All exceptions to his report were overruled. A final decree was entered dismissing the bill. The plaintiffs appeal from the interlocutory decree confirming the report, and from the final decree. They argue, however, only the •construction put upon article 2 which, they contend, has always, even before October 25, 1922, applied to switch tenders, and when expressly made applicable to them on that date gave them “full seniority rights in other yards on their division in the event their yard was abolished.”

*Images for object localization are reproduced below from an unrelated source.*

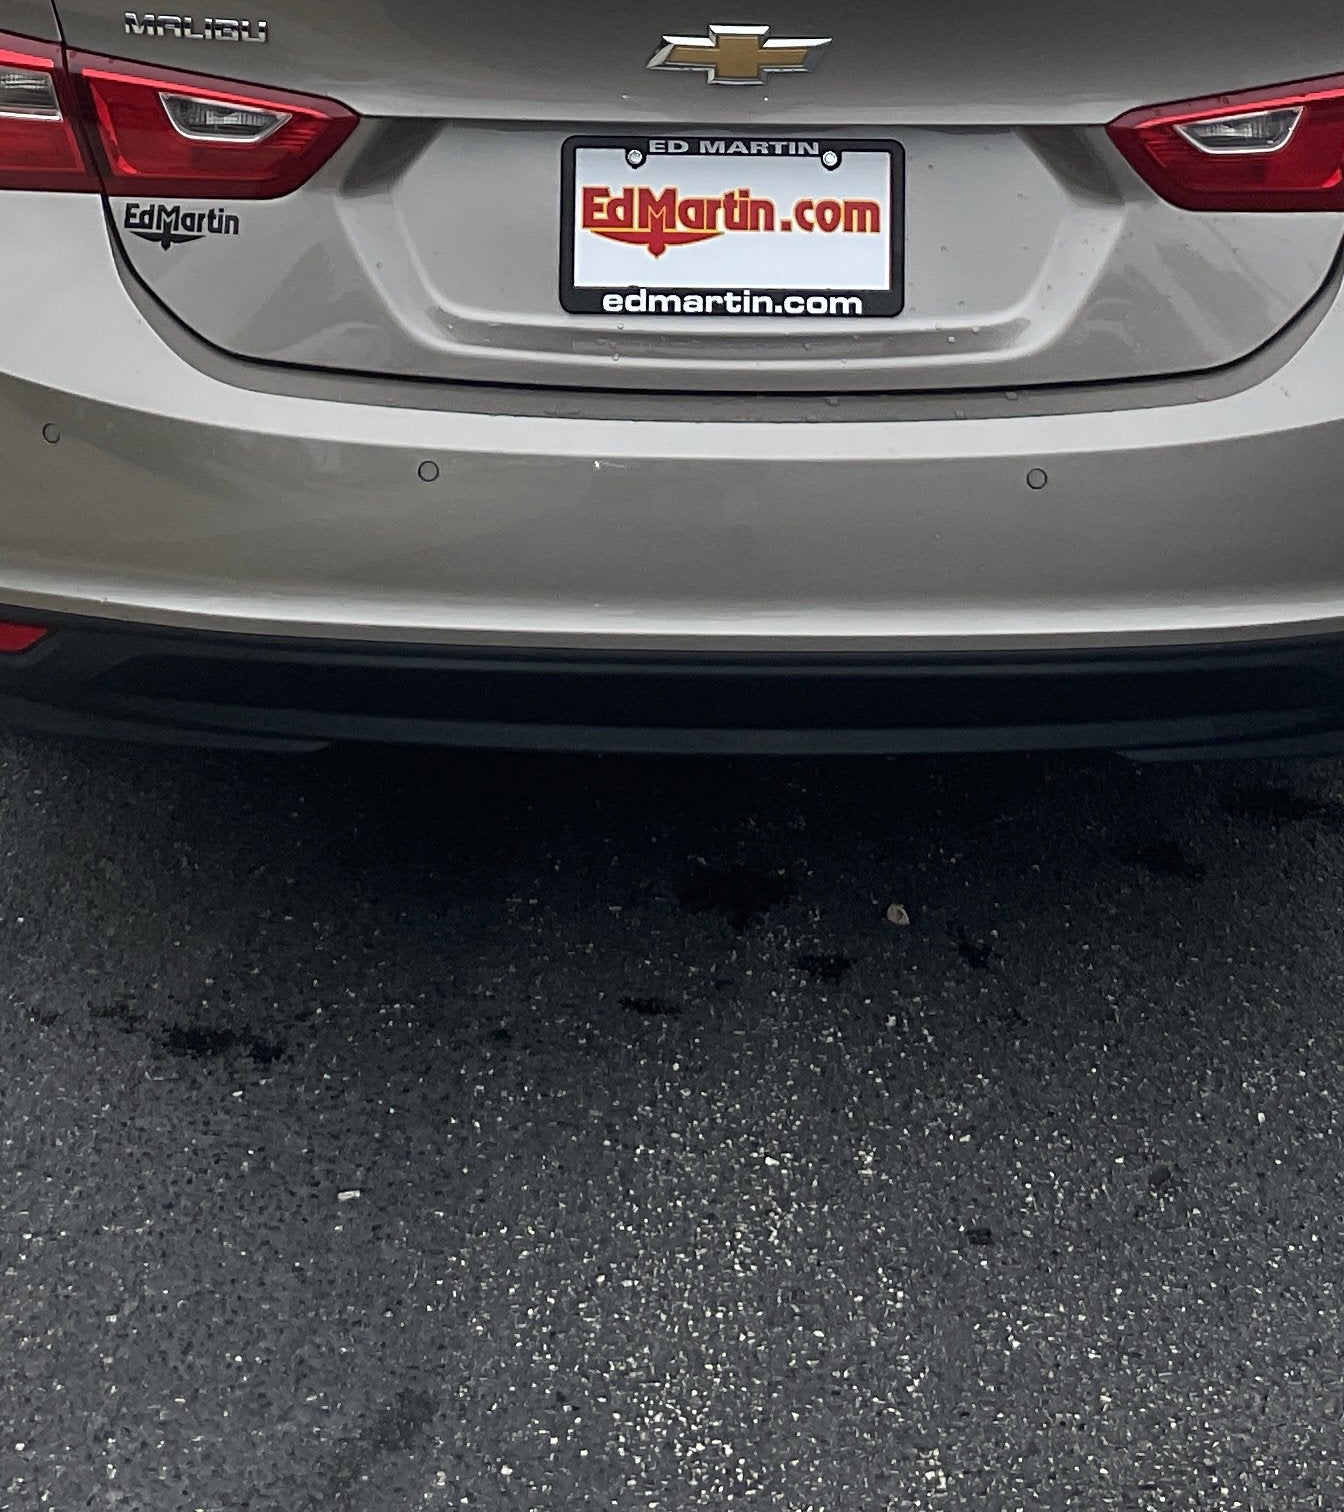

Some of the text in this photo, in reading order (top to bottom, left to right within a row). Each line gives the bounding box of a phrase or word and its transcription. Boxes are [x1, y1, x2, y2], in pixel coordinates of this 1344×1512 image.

[124, 12, 267, 43] MALIBU
[649, 139, 820, 155] ED MARTIN
[124, 202, 240, 236] EdMartin
[582, 185, 882, 234] EdMartin.com
[602, 288, 864, 315] edmartin.com

We pass over difficult questions of parties and of equity jurisdiction which have not been raised by the pleadings nor discussed in argument; and address ourselves to the merits of the decrees. The substantial issue is whether the rights of the plaintiffs are fixed by the terms of the agreement between the union and the railroad corporation as it stood when the several plaintiffs entered upon their service, interpreted only in the light then available; or whether as the agreements changed from time to time, the modifications and possible changes in interpretation of terms agreed upon by the union and the railroad corporation modified and affected the individual contracts of those already in the corporation’s employ. We think the latter to be the proper position. The transaction is an agreement between an employer and a labor union designed by the latter to benefit itself and those members who enter the employer’s service. The employee stands no higher than the union. If it modifies the agreement with the employer, the employee must acquiesce. In no correct sense is the union an agent. It is a principal. See Whiting Milk Co. v. Grondin, 282 Mass. 41.

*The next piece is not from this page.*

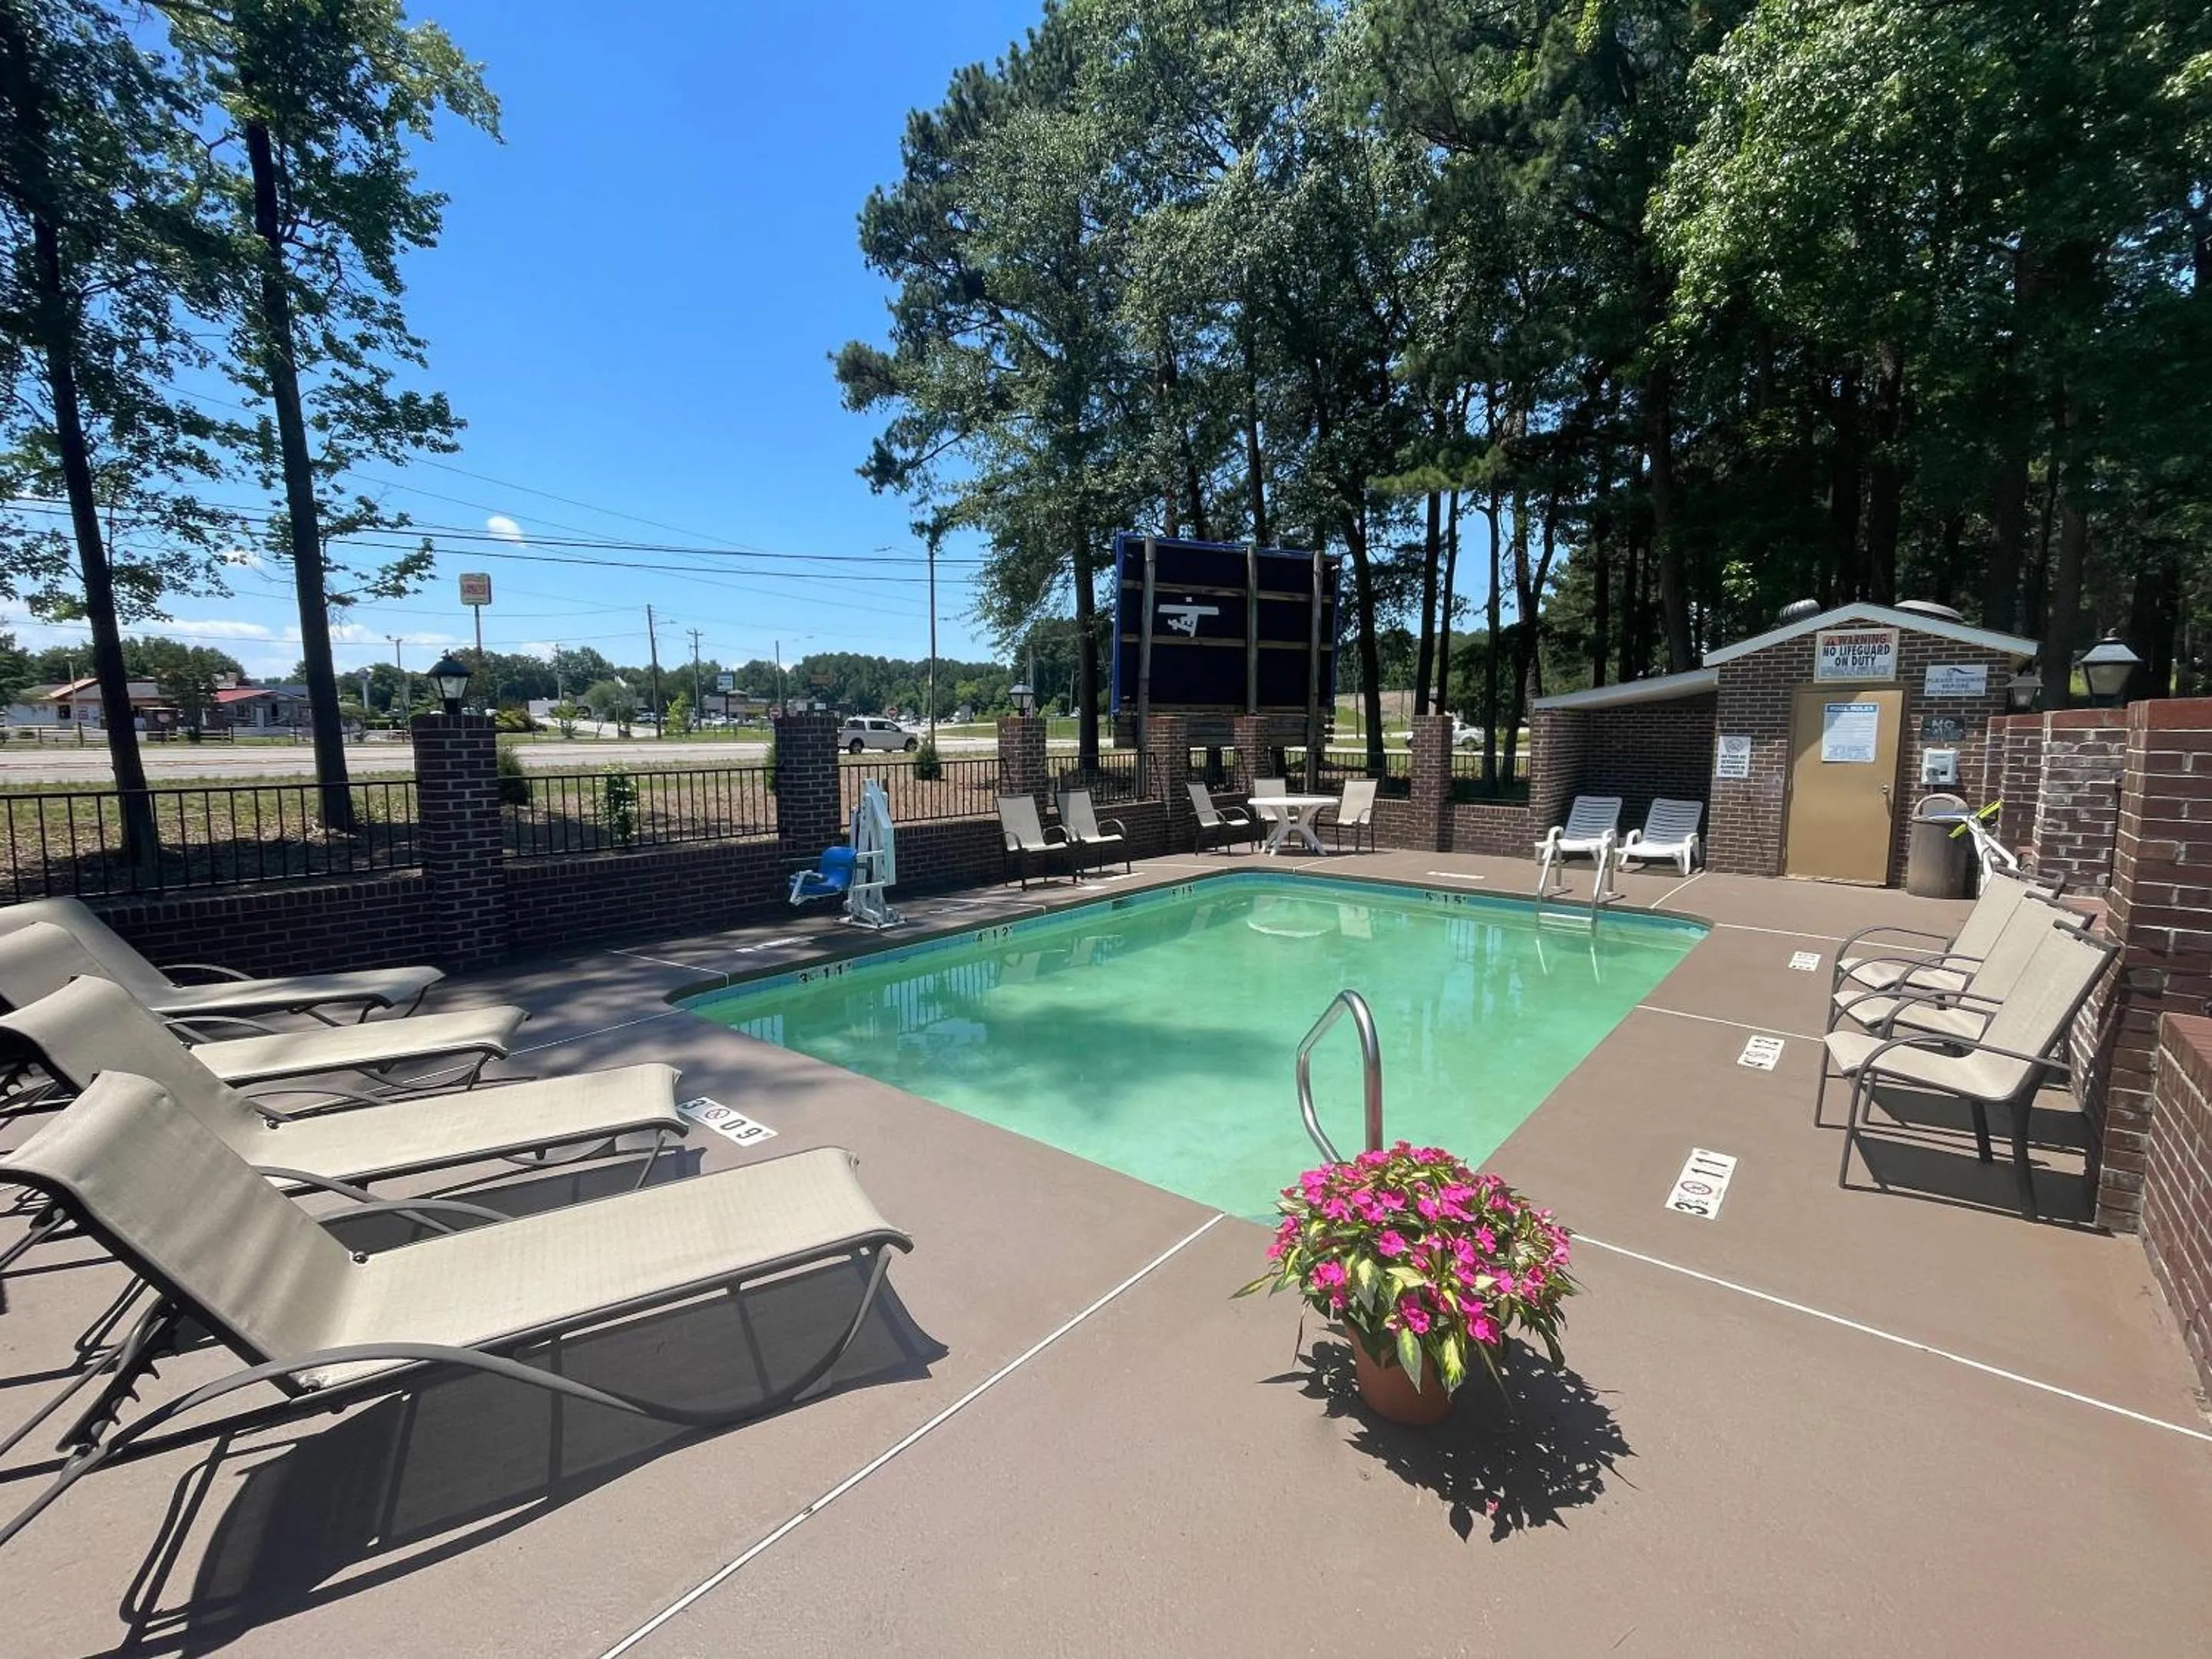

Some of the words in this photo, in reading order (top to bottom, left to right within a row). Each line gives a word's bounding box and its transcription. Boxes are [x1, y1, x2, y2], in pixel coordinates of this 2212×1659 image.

All the evidence is not reported. The master’s findings *174that the defendants throughout have acted in good faith, and' that the committee have applied correctly the law in the interpretation of the terms of the agreement, as findings of fact, must stand. They are not inconsistent, nor clearly wrong. The “law” of the brotherhood so far as material is, here, matter of fact; and is to be found as matter of fact from the evidence by the master. Compare Malloy v. Carroll, 272 Mass. 524.

■ A controversy over the respective rights of employees at work in the yards at Lawrence and Peabody in contradistinction to the rights of those formerly employed in the abandoned yard at Lynn was, properly, presented to the general grievance committee for its decision. The correct determination depended upon the construction to be given article 2 of the agreement between corporation and brotherhood. It is settled law that members of an unincorporated, voluntary association, like the brotherhood, are bound by the determination of the association’s tribunals if the decision is reached after observance of the formalities it prescribes, after fair opportunity for presenting their case, where there has been no excess of jurisdiction, no bad faith or capricious, unreasonable or arbitrary action. Richards v. Morison, 229 Mass. 458, 461. Whatever may have been the errors of the brotherhood with reference to the appeal to the board of directors later sought by the plaintiffs, nothing appears from the report to show that the decision here reached by the committee was invalidated for any of the causes recited. The use of the president’s letter did not render the decision null. Such a tribunal is not held to the rules of technical court procedure. Snay v. Lovely, 276 Mass. 159, 163. The defendant Travers as chairman was not in fault in seeking information from the president in regard to the propriety of the assent which he had given to the transfer of the plaintiffs with the rights he then considered them to have, and its consonance with the brotherhood’s law and policy; nor in using the answering letter to assist himself and his fellow committeemen in. making a proper decision when the question was duly before them.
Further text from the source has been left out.